Anas poecilorhyncha superciliosa Delacour and Mayr, Wilson Bull., 57, 1945, pp. 21, 39 (no locality given); Yamashina, Pacific Science, 2, 1948, p. 122 (Palau, Truk).

Geographic range.—Islands of Micronesia, Polynesia, and Melanesia. In Micronesia: Palau Islands—Babelthuap, Peleliu; Caroline Islands—Truk.

Characters.—Adult: A medium-sized duck with upper parts dark brown, feathers edged with buff; top of head blackish merging into gray on hind neck with narrow buff line below; eye-stripe broad and blackish; lower parts uniformly dark brown to gray brown, feathers edged with buff; face, chin and throat light buff with some dark streakings; under wing white; speculum green; bill plumbeous with nail black; legs yellow-brown to yellowish, webs dusky. A. p. pelewensis resembles A. p. rogersi Mathews, but is smaller with a wing length averaging as much as 20 mm. shorter.

Measurements.—As given by Amadon (1943:4) seven unsexed skins from the Palaus, studied by Finsch (1875:40), have wing lengths of 207, 212, 212, 214, 223, 235, 230. For an adult male taken by Coultas at Palau, the exposed culmen measures 45 and the tarsus 37.

Specimens examined.—Total number, 3 males from Palau Islands, AMNH—exact locality not given (Oct. 26, Nov. 25).
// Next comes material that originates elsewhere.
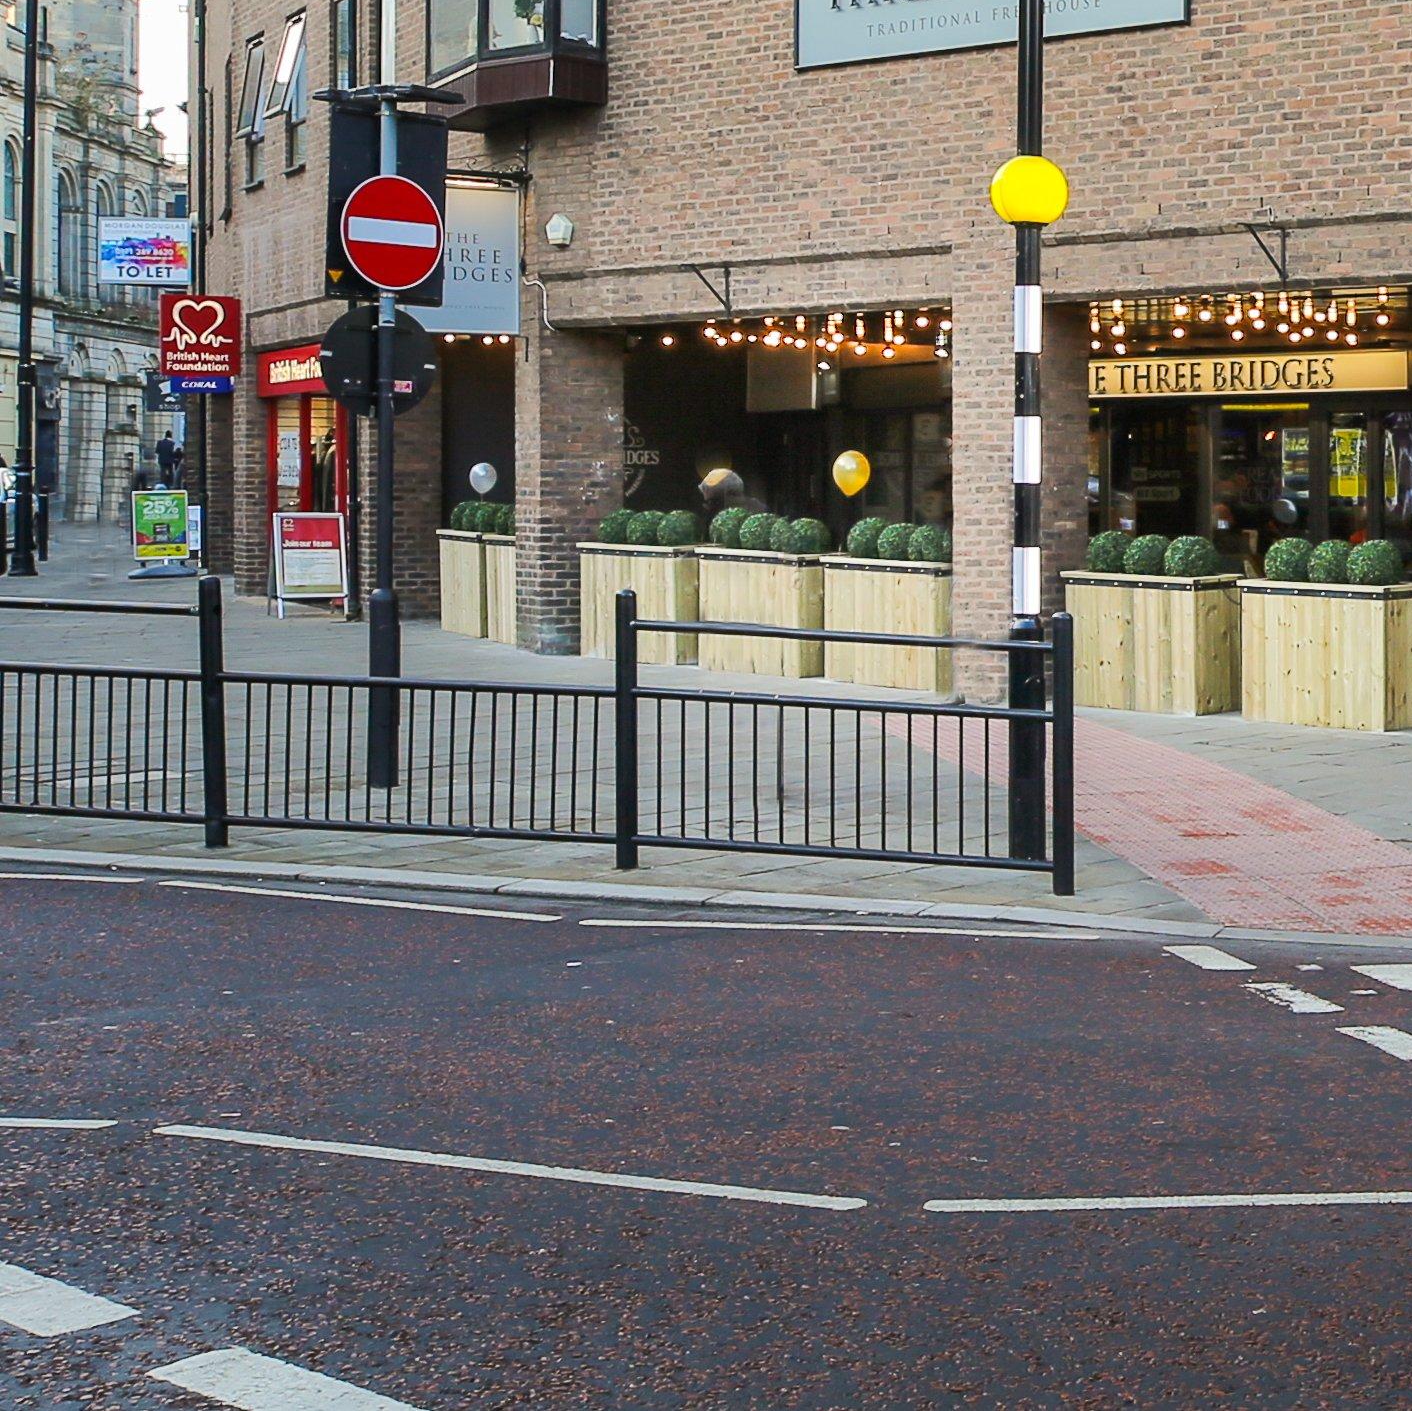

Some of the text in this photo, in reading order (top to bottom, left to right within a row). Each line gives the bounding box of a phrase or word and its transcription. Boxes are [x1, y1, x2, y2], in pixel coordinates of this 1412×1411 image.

Remarks.A. p. pelewensis is apparently rare in the Palau Islands. Coultas, who visited the Palaus in October to December, 1931, writes (field notes) that he received reports that the birds were present and nested in numbers on fresh water lakes. He took specimens in taro patches and comments that the ducks probably feed at night and have retiring habits during the day. At Peleliu in 1945, the NAMRU2 party received several reports of ducks but failed to find the birds. At Truk, in December, 1945, McElroy of the NAMRU2 party found ducks to be fairly numerous in rice paddies, marshes, and swamps. He observed that the birds roosted at Moen Island at night but that they apparently flew to outlying islands to spend the day. Richards observed ducks on Moen Island on August 28 and 29, 1947, and again in the period from January 19 to February 10, 1948. He saw several flocks of ducks including one containing "about a dozen ducks" at ponds along a roadway and at an airstrip. Kuroda named the population at Truk as distinct in 1939. I have not been able to examine his description and no specimens are available for study, but if the birds at Truk represent an independent colonization (different from that of the birds at Palau) they might exhibit recognizable variation. Amadon (1943:5) has already pointed out that the shortness of the wing of specimens in the Palaus may merit subspecific status for the population. Delacour and Mayr (1945:21) propose that the Palau Gray Duck is a subspecies of A. poecilorhyncha; this treatment is followed in the present work.

Evolutionary history.A. p. pelewensis, as Amadon (1943:1) has stated, represents a population of mallards which became separated from the ancestral stock in the Australian or Malayan area and when once differentiated, invaded New Zealand and other parts of Polynesia, Melanesia, and southwestern Micronesia. Amadon points out that its range in the Pacific islands is more or less complimentary to that of A. oustaleti in the Marianas and the Philippine Mallard (A. poecilorhyncha luzonica Fraser), as well as to the Hawaiian forms (A. wyvilliana Sclater and A. laysanensis Rothschild). The range of A. p. pelewensis gives one the impression that its present distribution may be only a stage in a gradual spreading of the species, for it certainly has not yet occupied all habitats suitable for it in southern Micronesia nor elsewhere in Oceania. As in the case of A. oustaleti, A. p. pelewensis appears to prefer areas of fresh, and possibly brackish, water on the larger islands.

A. p. luzonica is a near relative of A. p. pelewensis but has rufous-brown instead of buffy-brown coloring on the chin, throat, sides of head, and superciliary region. The underparts of the Philippine Mallard are much less mottled. The specula are similar. Both of these forms were probably derived from a mallard of the A. p. poecilorhyncha type.